Este contexto de auge de movimientos ultras, el tema de la inmigración, así como el de la inseguridad ciudadana, real o imaginaria, han dado alas a este preocupante crecimiento, tanto social como electoral, de las posiciones de la ultraderecha. Como ejemplo recurrente recordamos el caso de los incidentes ocurridos en julio de 2025 en la localidad murciana de Torre Pacheco, población de 41.000 habitantes y con un 30% de población migrante. Estos sucesos, divulgados hábilmente por los grupos ultras a través de las redes sociales, tuvieron una audiencia estimada de 51 millones de personas, lo cual nos indica la rapidez, extensión y peligrosidad de las soflamas ultras difundidas por estas “milicias digitales” y el perverso eco de las mismas en la sociedad actual. En consecuencia, los sucesos de Torre Pacheco supusieron, lamentablemente, una exitosa campaña que tenía por objeto desestabilizar el orden público con el argumento recurrente de los grupos ultraderechistas de “exigir la deportación de los inmigrantes delincuentes”.

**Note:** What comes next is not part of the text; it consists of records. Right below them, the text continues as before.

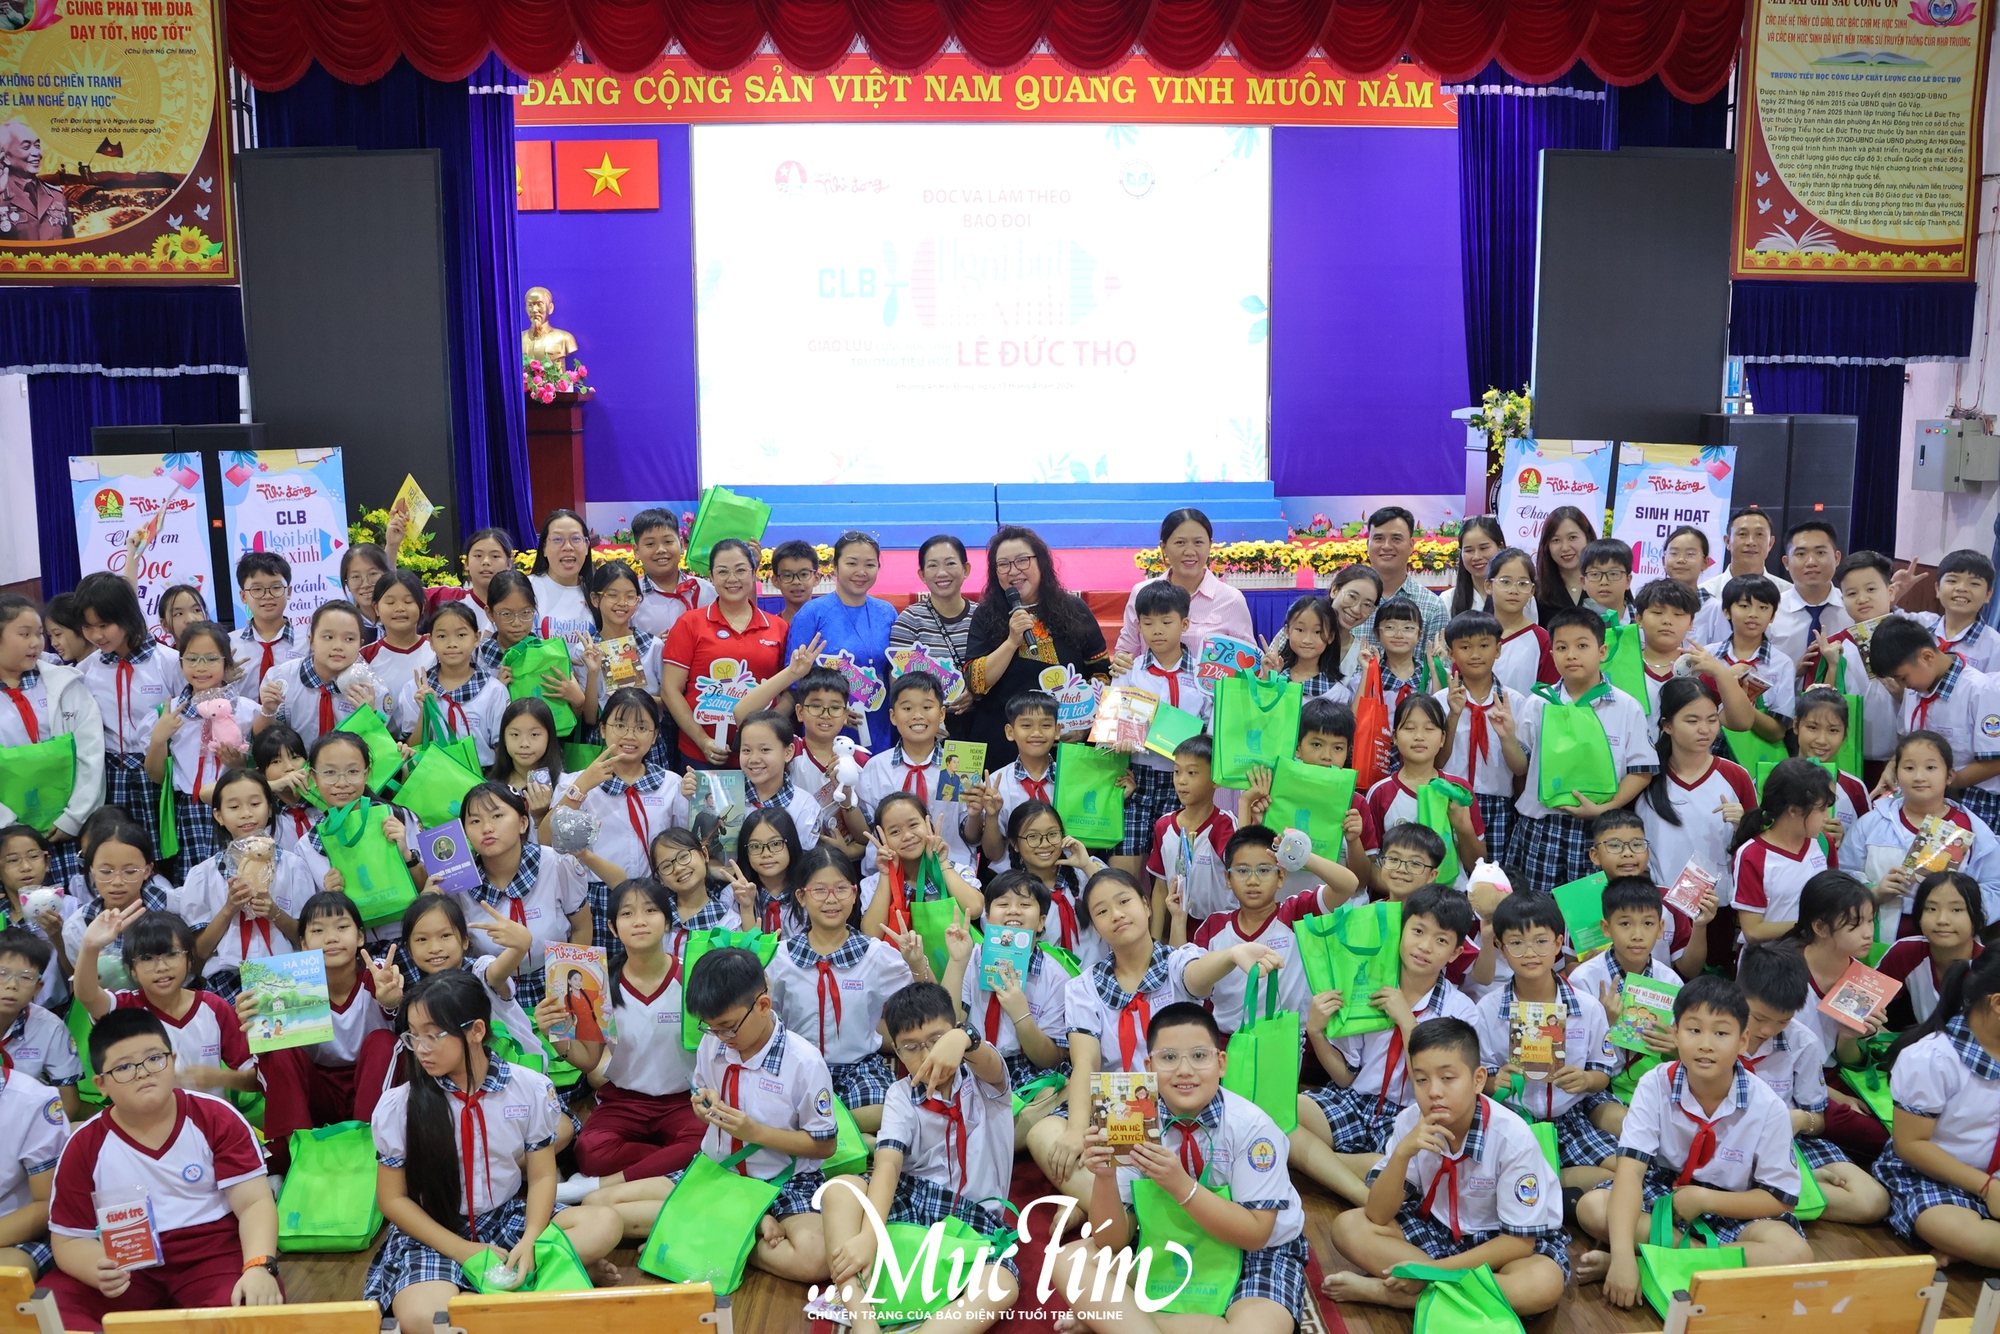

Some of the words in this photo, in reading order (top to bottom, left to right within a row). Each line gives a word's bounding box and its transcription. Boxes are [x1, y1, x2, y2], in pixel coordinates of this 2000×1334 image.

[142, 2, 162, 16] THI
[167, 2, 193, 16] ĐUA
[1766, 15, 1776, 25] CÁC
[1778, 13, 1788, 26] THẾ
[1789, 15, 1795, 27] HỆ
[1812, 16, 1819, 26] CÔ
[1836, 17, 1847, 27] CÁC
[1860, 18, 1872, 28] CHA
[1873, 19, 1880, 30] MẸ
[1882, 19, 1892, 30] HỌC
[1894, 19, 1907, 29] SINH
[70, 25, 95, 43] DẠY
[100, 21, 128, 41] TỐT,
[131, 26, 158, 43] HỌC
[162, 21, 191, 40] TỐT"
[1788, 33, 1796, 42] EM
[1797, 33, 1808, 44] HỌC
[1809, 34, 1822, 43] SINH
[1856, 35, 1874, 44] TRANG
[0, 74, 34, 87] KHÔNG
[38, 72, 50, 87] CÓ
[54, 71, 85, 88] CHIẾN
[87, 76, 122, 88] TRANH
[1816, 73, 1829, 81] HỌC
[522, 68, 621, 105] ĐẢNG
[634, 68, 732, 110] CỘNG
[745, 64, 814, 103] SẢN
[826, 67, 912, 109] VIỆT
[924, 75, 1002, 102] NAM
[1015, 75, 1136, 111] QUANG
[1148, 77, 1234, 104] VINH
[1246, 71, 1346, 106] MUÔN
[1358, 74, 1434, 108] NĂM
[13, 92, 35, 106] LÀM
[38, 92, 65, 106] NGHỀ
[68, 96, 88, 109] DẠY
[91, 96, 116, 109] HỌC"
[1027, 189, 1071, 204] THEO
[818, 268, 876, 298] CLB
[808, 340, 842, 352] GIAO
[958, 334, 990, 366] LÊ
[998, 334, 1065, 366] ĐỨC
[1073, 340, 1136, 374] THỌ
[256, 484, 284, 501] Nhi
[1546, 478, 1570, 492] Nhi
[1648, 478, 1674, 492] Nhi
[130, 497, 160, 514] Nhi
[277, 510, 306, 525] CLB
[1635, 506, 1669, 520] SINH
[1674, 509, 1710, 525] HOẠT
[161, 532, 180, 544] em
[263, 530, 294, 553] Ngòi
[298, 528, 320, 545] bút
[290, 545, 320, 564] xinh
[294, 574, 327, 594] cánh
[290, 598, 311, 611] câu
[549, 616, 571, 634] Ngòi
[930, 609, 942, 629] adidas
[944, 636, 956, 655] adidas
[1208, 642, 1235, 664] Tớ
[1203, 663, 1228, 680] Văn
[706, 696, 733, 712] sáng
[1060, 692, 1081, 703] thích
[1058, 706, 1069, 719] ng
[1072, 704, 1089, 716] tác
[550, 946, 571, 959] Nhi
[283, 958, 298, 970] HÀ
[300, 955, 320, 967] NỘI
[292, 968, 309, 977] của
[1524, 1044, 1538, 1052] MÙA
[1110, 1124, 1128, 1132] MÙA
[1108, 1133, 1118, 1141] CÓ
[1121, 1132, 1144, 1141] TUYẾT
[1196, 1285, 1218, 1296] NAM
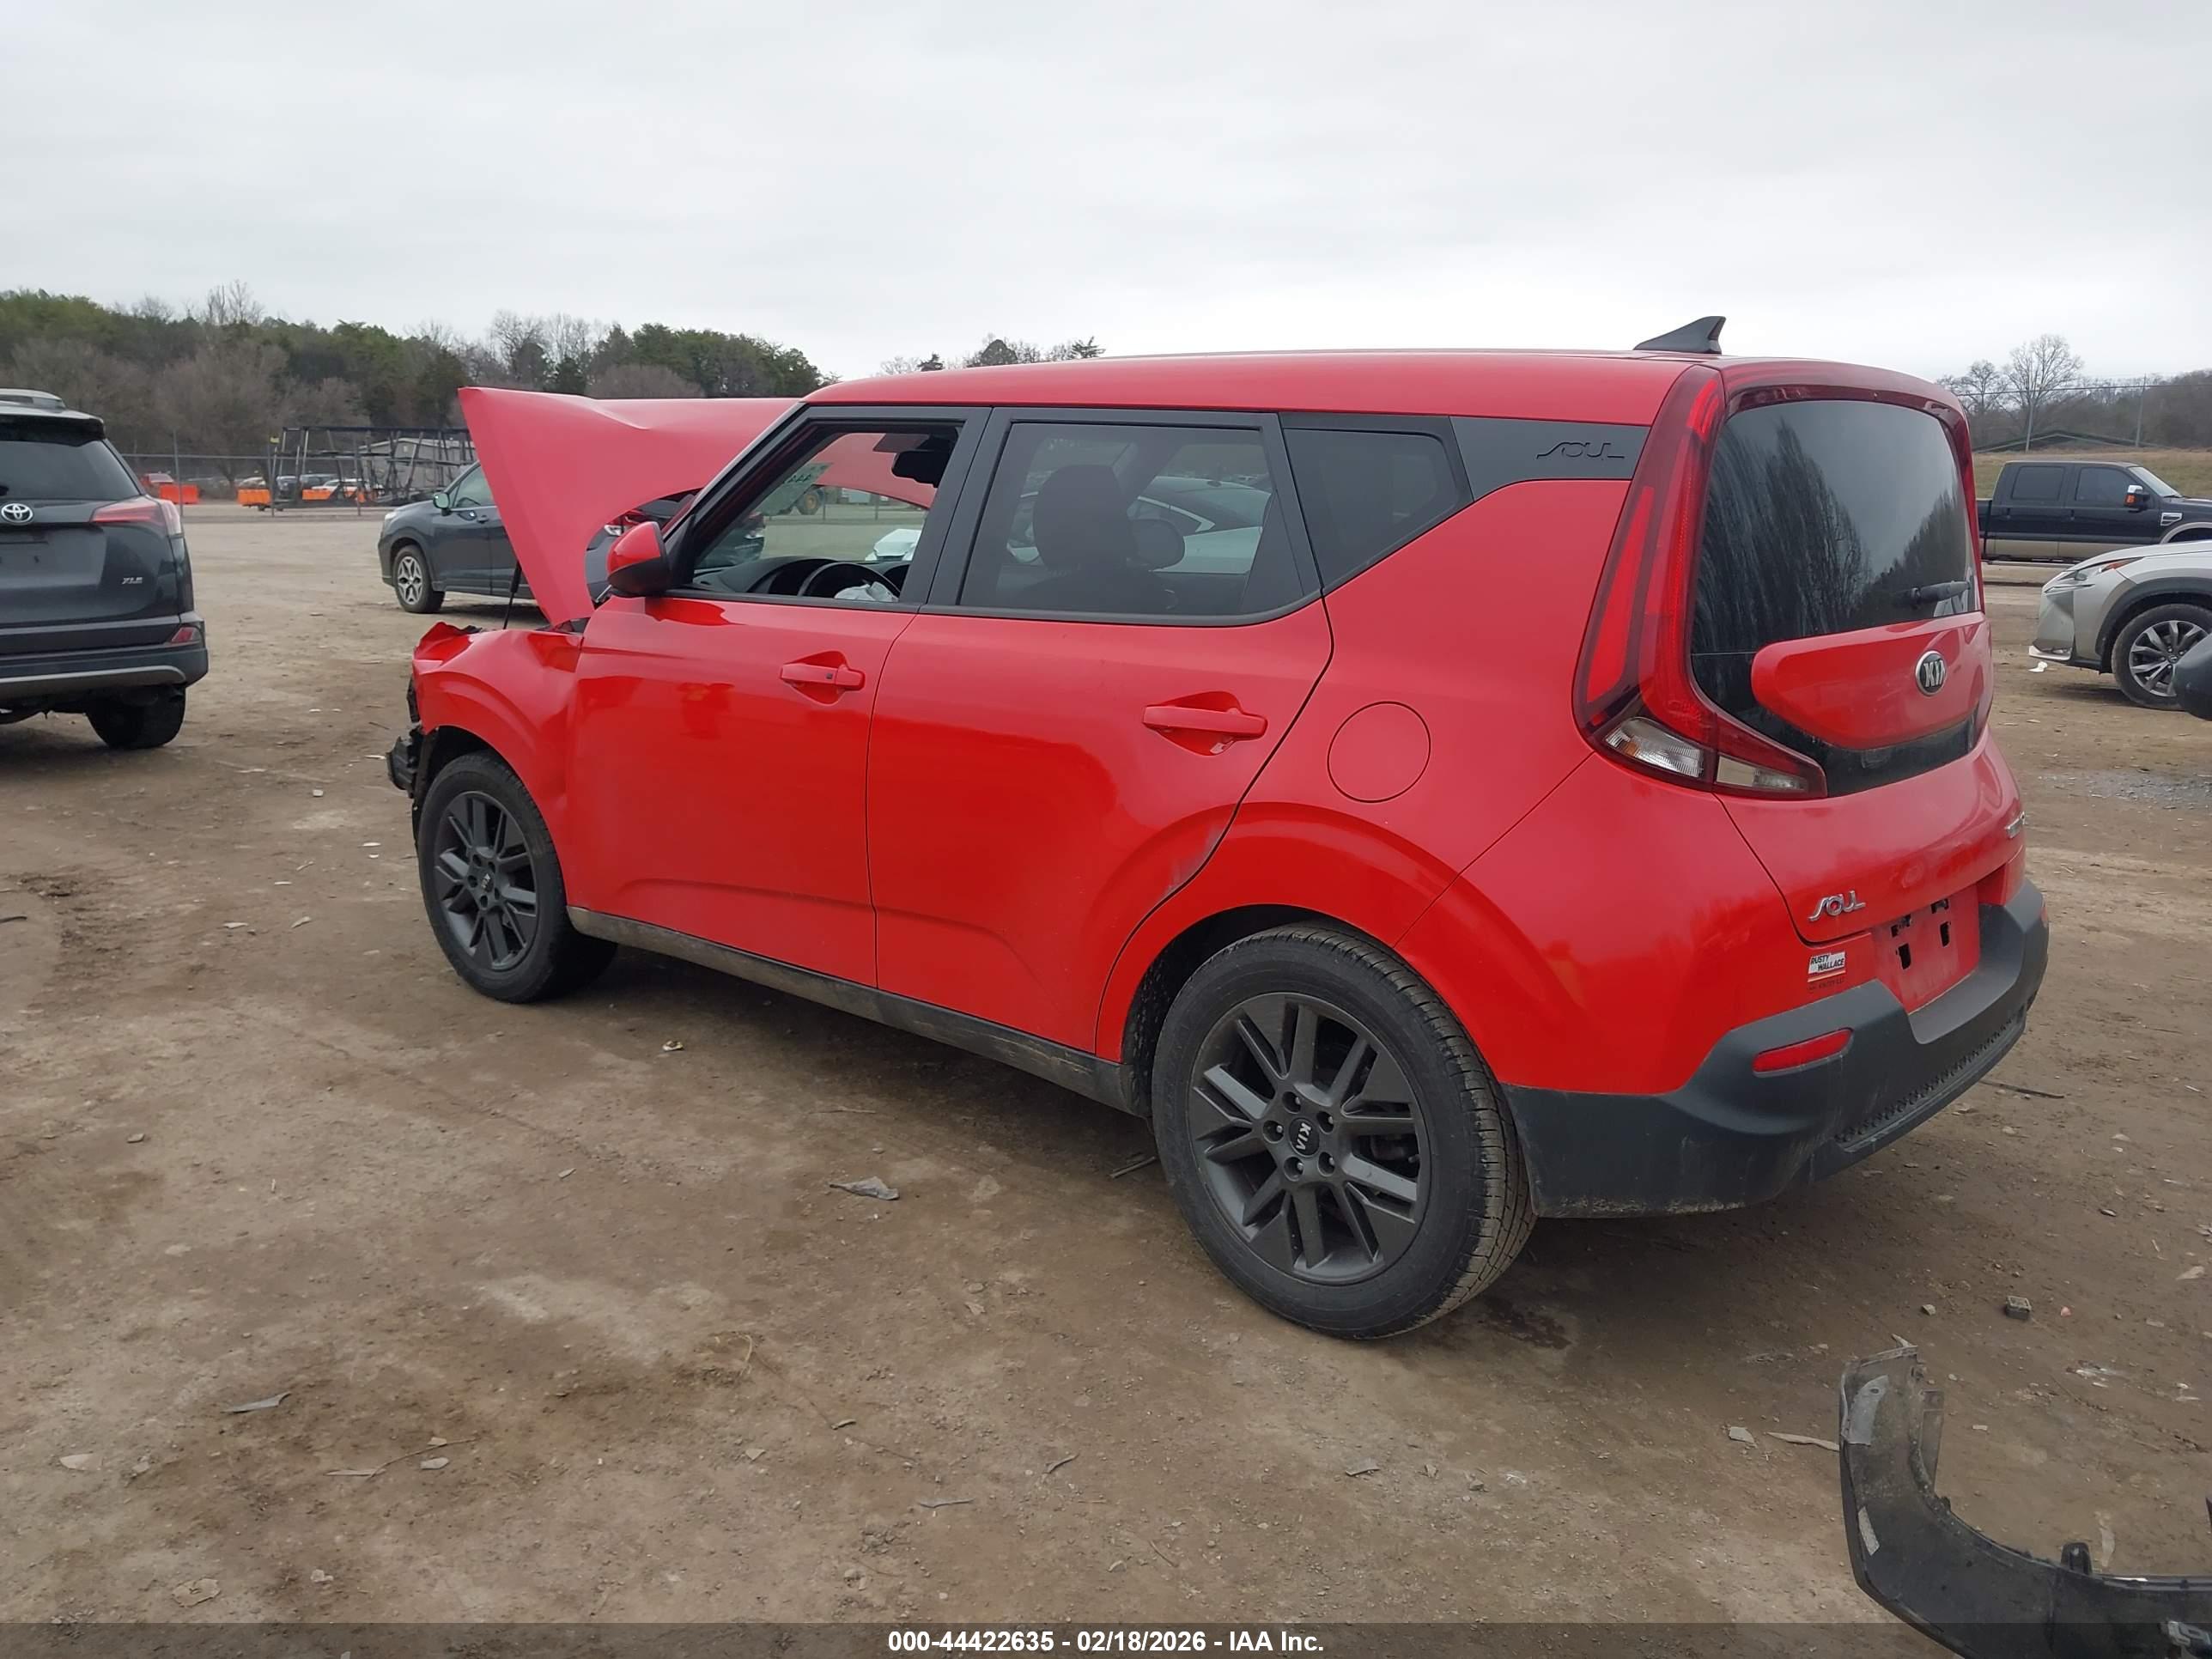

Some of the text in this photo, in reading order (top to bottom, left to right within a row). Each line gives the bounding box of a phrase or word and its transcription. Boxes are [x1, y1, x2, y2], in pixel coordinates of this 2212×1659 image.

En este contexto ha surgido un nuevo concepto: el de la “remigración”, esto es, la exigencia de llevar a cabo una deportación masiva de migrantes, algo en lo cual están empeñados los distintos partidos ultraderechistas europeos, y también, las políticas de Donald Trump en los Estados Unidos, cada vez más reaccionarias y contrarias a los derechos humanos y a los valores democráticos. Esta campaña ha cobrado renovada fuerza tras la cumbre ultra denominada “Remigration Summit” celebrada en la ciudad italiana de Milan en mayo de 2025 y en la que se reivindicaba de forma entusiasta las deportaciones masivas promovidas por los partidos ultras europeos. Desde entonces, esta peligrosa campaña xenófoba y racista se ha ido divulgando ampliamente por las redes sociales, como es el caso de la plataforma Telegram  Deport Them EU, un canal dedicado a extender el odio a los migrantes.

Ante semejante panorama, la tarea de nosotros, los demócratas, pasa por actuar decididamente contra el auge de las actitudes xenófobas y racistas, rebatiendo sus bulos y la injusta criminalización de los migrantes y destacando la aportación de éstos al conjunto de la economía nacional. Por su parte, desde los poderes públicos, se debe exigir la intervención de las fiscalías delegadas de Delitos de Odio y el del control por parte de la Oficina de Coordinación de Ciberseguridad del Ministerio del Interior para frenar esta marea de mensajes xenófobos y racistas que se expanden por las redes sociales. Y, junto a todo ello, tampoco debemos de obviar la necesidad de combatir la delincuencia, tenga el origen que tenga, sin adjetivos étnicos, para evitar que la bandera de la inseguridad ciudadana, como ha ocurrido hasta ahora de forma perversa e intencionada, sea enarbolada por una extrema derecha global cada vez más amenazante.